Son las 2 de la tarde y papá llega junto con los dos pequeños para almorzar en familia. Esta vez van al restaurante superior al borde del acantilado, al estar sentados se percatan que pareciera que estuvieran flotando en medio de las nubes. No logran divisar claramente el terreno del acantilado, solo logran ver algunos reflejos de agua.
Llegan las 5 de la tarde los niños empiezan su clase de natación, ahora como ya tienen un poco más de experiencia, van a pasar del circuito de niños al de adultos, mamá Aguado quiere estar cerca de ellos así que va a la cafetería donde tiene total control visual de los niños.
Son las 7 de la noche papá Aguado llega al complejo, desde su trabajo, pero ahora ya no observa tan claramente el perfil, sino observa un perfil difuminado, un juego de luces y reflejos en la neblina desde la cima del acantilado hasta el mar. Papá va a unas a las piscinas públicas temperadas a realizar un poco de ejercicio. Mientras tanto puede ver siluetas de personas en el show que se realiza en los anfiteatros que hay en la parte baja. Entre esas siluetas se encuentran mamá Aguado y los niños.

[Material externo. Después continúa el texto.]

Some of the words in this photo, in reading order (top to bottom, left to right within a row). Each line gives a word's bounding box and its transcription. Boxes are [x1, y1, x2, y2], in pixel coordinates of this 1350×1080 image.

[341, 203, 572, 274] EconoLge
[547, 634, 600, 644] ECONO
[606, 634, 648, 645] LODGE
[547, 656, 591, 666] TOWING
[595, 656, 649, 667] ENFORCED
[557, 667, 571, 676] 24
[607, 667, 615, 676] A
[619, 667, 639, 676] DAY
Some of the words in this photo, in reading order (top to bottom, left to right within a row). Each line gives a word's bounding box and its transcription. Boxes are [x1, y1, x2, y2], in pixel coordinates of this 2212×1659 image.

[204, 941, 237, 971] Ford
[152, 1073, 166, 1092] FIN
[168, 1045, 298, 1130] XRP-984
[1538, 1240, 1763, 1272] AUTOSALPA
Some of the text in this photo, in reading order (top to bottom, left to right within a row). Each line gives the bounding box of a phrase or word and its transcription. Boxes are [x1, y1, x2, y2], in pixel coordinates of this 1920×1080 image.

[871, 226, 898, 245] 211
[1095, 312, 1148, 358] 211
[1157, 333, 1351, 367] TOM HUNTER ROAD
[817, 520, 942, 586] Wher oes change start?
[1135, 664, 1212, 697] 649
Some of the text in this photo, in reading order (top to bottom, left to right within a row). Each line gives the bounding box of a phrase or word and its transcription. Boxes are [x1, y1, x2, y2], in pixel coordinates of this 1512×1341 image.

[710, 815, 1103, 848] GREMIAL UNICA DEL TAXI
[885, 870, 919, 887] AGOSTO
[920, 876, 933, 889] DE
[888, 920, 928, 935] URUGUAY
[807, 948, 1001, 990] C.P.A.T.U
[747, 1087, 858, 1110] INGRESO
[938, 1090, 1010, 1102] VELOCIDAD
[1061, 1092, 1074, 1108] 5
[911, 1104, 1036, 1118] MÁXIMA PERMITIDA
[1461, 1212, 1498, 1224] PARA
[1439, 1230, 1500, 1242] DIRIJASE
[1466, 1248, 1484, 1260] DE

Son las 9 de la noche, después de haber dejado a los niños en la casa de su abuela en San Isidro, papá y mamá Aguado se dirigen hacia el complejo acuático con dirección al restaurante nocturno. Pero esta vez la aproximación ya no es desde abajo de la Costa Verde si no desde arriba, desde la boca del embudo de agua, donde pueden ver como este gran embudo de agua es una concentración y a la vez dispersión de agua, luz, reflejos, naturaleza, etc. Esta vez dejan el carro en el estacionamiento superior junto a las instalaciones de la piscina olímpica y se dirigen al restaurante caminando. El camino a pie al restaurante nocturno que se encuentra en el lado medio bajo del acantilado, es toda una experiencia, la cual la hace más interesante y mística la presencia de la neblina. El camino se encuentra en un nivel más bajo que la superficie de las piscinas, donde vas disfrutando de una serie de superficies laterales dependiendo del tipo de piscina que sea. (Diferentes colores, diferentes materiales, diferentes texturas, diferentes olores, diferentes sensaciones). Las sensaciones que priman son las que se perciben en un radio cercano, pero a pesar de que la neblina no les permite visualizar un horizonte, esta los envuelve en una atmósfera húmeda y acuática, complementándose con la iluminación y los reflejos de agua. Dentro de este camino se van abriendo ciertas visuales que les permiten ver al interior de las propias piscinas dependiendo de la actividad en estas y también les permites ver las relaciones o contrastes del complejo acuático con la naturaleza, como el vapor de las piscinas termales se va mezclando con la humedad y la neblina fría generando mayor difusión de la atmósfera o como te van generando diferentes horizontes artificiales por medio de piscinas “infinitas”. Después de este sensorial recorrido llegan al restaurante nocturno, el cual se encuentra como una isla en pleno paraíso acuático, donde se encuentran con sus amigos.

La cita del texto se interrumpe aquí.